### WHAT YOU NEED TO DO
Each line of the data needs to be transcribed exactly.

==== SOURCE RECORDS ====

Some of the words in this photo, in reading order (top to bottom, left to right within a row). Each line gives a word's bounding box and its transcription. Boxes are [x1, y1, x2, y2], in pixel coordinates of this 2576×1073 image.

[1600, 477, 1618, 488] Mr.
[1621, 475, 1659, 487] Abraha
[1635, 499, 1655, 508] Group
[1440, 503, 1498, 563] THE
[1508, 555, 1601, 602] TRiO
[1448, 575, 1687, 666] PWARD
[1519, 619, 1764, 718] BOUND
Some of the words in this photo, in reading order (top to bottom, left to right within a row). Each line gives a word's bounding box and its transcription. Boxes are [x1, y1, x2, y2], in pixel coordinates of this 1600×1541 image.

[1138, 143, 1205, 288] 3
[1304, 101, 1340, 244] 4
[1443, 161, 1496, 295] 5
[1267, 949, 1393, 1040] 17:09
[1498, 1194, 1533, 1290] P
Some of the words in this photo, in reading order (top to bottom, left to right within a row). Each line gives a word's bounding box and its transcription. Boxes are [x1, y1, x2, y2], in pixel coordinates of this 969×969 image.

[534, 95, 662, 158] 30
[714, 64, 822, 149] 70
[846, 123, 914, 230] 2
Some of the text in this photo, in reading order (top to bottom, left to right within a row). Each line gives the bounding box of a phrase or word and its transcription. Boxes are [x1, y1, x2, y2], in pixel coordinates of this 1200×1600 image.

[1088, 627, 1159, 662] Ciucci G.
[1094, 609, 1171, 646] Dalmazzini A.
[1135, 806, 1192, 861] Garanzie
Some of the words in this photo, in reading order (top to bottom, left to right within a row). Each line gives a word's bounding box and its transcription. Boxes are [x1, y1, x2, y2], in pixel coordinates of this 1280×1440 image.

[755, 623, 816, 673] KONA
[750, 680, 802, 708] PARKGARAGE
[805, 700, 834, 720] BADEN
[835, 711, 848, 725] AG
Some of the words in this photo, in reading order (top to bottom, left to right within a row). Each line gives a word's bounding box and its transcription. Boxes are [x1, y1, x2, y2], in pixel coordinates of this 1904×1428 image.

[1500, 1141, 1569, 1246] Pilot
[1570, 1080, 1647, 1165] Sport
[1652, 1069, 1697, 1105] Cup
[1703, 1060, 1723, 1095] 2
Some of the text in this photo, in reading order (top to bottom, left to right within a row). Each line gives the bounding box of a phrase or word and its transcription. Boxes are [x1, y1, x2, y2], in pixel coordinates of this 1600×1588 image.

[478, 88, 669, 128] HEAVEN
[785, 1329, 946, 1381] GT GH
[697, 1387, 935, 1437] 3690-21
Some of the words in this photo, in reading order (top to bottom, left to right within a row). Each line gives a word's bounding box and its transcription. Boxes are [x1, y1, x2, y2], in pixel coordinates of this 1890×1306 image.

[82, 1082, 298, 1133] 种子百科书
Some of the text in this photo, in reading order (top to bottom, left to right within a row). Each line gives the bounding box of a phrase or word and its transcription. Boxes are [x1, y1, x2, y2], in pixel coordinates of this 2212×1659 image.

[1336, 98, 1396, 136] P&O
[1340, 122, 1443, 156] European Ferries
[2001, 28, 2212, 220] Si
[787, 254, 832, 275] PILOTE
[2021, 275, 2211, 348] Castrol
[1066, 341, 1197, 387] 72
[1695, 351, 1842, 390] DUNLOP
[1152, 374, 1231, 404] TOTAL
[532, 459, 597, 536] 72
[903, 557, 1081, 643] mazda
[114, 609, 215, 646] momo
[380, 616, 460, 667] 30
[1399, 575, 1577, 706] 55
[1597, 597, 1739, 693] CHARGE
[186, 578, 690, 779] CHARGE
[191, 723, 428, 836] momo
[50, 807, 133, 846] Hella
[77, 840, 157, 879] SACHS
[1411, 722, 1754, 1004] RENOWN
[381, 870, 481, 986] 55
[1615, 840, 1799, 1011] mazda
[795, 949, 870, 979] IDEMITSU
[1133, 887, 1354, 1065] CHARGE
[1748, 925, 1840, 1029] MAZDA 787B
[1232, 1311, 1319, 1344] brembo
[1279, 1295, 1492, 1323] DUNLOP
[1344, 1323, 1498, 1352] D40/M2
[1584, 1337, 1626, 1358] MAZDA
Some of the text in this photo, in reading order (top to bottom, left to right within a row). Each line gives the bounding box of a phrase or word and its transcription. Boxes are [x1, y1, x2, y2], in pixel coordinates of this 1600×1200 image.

====

### SOLUTION BELOW
Some of the words in this photo, in reading order (top to bottom, left to right within a row). Each line gives a word's bounding box and its transcription. Boxes are [x1, y1, x2, y2], in pixel coordinates of this 2576×1073 image.

[1600, 477, 1618, 488] Mr.
[1621, 475, 1659, 487] Abraha
[1635, 499, 1655, 508] Group
[1440, 503, 1498, 563] THE
[1508, 555, 1601, 602] TRiO
[1448, 575, 1687, 666] PWARD
[1519, 619, 1764, 718] BOUND
Some of the words in this photo, in reading order (top to bottom, left to right within a row). Each line gives a word's bounding box and its transcription. Boxes are [x1, y1, x2, y2], in pixel coordinates of this 1600×1541 image.

[1138, 143, 1205, 288] 3
[1304, 101, 1340, 244] 4
[1443, 161, 1496, 295] 5
[1267, 949, 1393, 1040] 17:09
[1498, 1194, 1533, 1290] P
Some of the words in this photo, in reading order (top to bottom, left to right within a row). Each line gives a word's bounding box and its transcription. Boxes are [x1, y1, x2, y2], in pixel coordinates of this 969×969 image.

[534, 95, 662, 158] 30
[714, 64, 822, 149] 70
[846, 123, 914, 230] 2
Some of the text in this photo, in reading order (top to bottom, left to right within a row). Each line gives the bounding box of a phrase or word and its transcription. Boxes are [x1, y1, x2, y2], in pixel coordinates of this 1200×1600 image.

[1088, 627, 1159, 662] Ciucci G.
[1094, 609, 1171, 646] Dalmazzini A.
[1135, 806, 1192, 861] Garanzie
Some of the words in this photo, in reading order (top to bottom, left to right within a row). Each line gives a word's bounding box and its transcription. Boxes are [x1, y1, x2, y2], in pixel coordinates of this 1280×1440 image.

[755, 623, 816, 673] KONA
[750, 680, 802, 708] PARKGARAGE
[805, 700, 834, 720] BADEN
[835, 711, 848, 725] AG
Some of the words in this photo, in reading order (top to bottom, left to right within a row). Each line gives a word's bounding box and its transcription. Boxes are [x1, y1, x2, y2], in pixel coordinates of this 1904×1428 image.

[1500, 1141, 1569, 1246] Pilot
[1570, 1080, 1647, 1165] Sport
[1652, 1069, 1697, 1105] Cup
[1703, 1060, 1723, 1095] 2
Some of the text in this photo, in reading order (top to bottom, left to right within a row). Each line gives the bounding box of a phrase or word and its transcription. Boxes are [x1, y1, x2, y2], in pixel coordinates of this 1600×1588 image.

[478, 88, 669, 128] HEAVEN
[785, 1329, 946, 1381] GT GH
[697, 1387, 935, 1437] 3690-21
Some of the words in this photo, in reading order (top to bottom, left to right within a row). Each line gives a word's bounding box and its transcription. Boxes are [x1, y1, x2, y2], in pixel coordinates of this 1890×1306 image.

[82, 1082, 298, 1133] 种子百科书
Some of the text in this photo, in reading order (top to bottom, left to right within a row). Each line gives the bounding box of a phrase or word and its transcription. Boxes are [x1, y1, x2, y2], in pixel coordinates of this 2212×1659 image.

[1336, 98, 1396, 136] P&O
[1340, 122, 1443, 156] European Ferries
[2001, 28, 2212, 220] Si
[787, 254, 832, 275] PILOTE
[2021, 275, 2211, 348] Castrol
[1066, 341, 1197, 387] 72
[1695, 351, 1842, 390] DUNLOP
[1152, 374, 1231, 404] TOTAL
[532, 459, 597, 536] 72
[903, 557, 1081, 643] mazda
[114, 609, 215, 646] momo
[380, 616, 460, 667] 30
[1399, 575, 1577, 706] 55
[1597, 597, 1739, 693] CHARGE
[186, 578, 690, 779] CHARGE
[191, 723, 428, 836] momo
[50, 807, 133, 846] Hella
[77, 840, 157, 879] SACHS
[1411, 722, 1754, 1004] RENOWN
[381, 870, 481, 986] 55
[1615, 840, 1799, 1011] mazda
[795, 949, 870, 979] IDEMITSU
[1133, 887, 1354, 1065] CHARGE
[1748, 925, 1840, 1029] MAZDA 787B
[1232, 1311, 1319, 1344] brembo
[1279, 1295, 1492, 1323] DUNLOP
[1344, 1323, 1498, 1352] D40/M2
[1584, 1337, 1626, 1358] MAZDA
Some of the text in this photo, in reading order (top to bottom, left to right within a row). Each line gives the bounding box of a phrase or word and its transcription. Boxes are [x1, y1, x2, y2], in pixel coordinates of this 1600×1200 image.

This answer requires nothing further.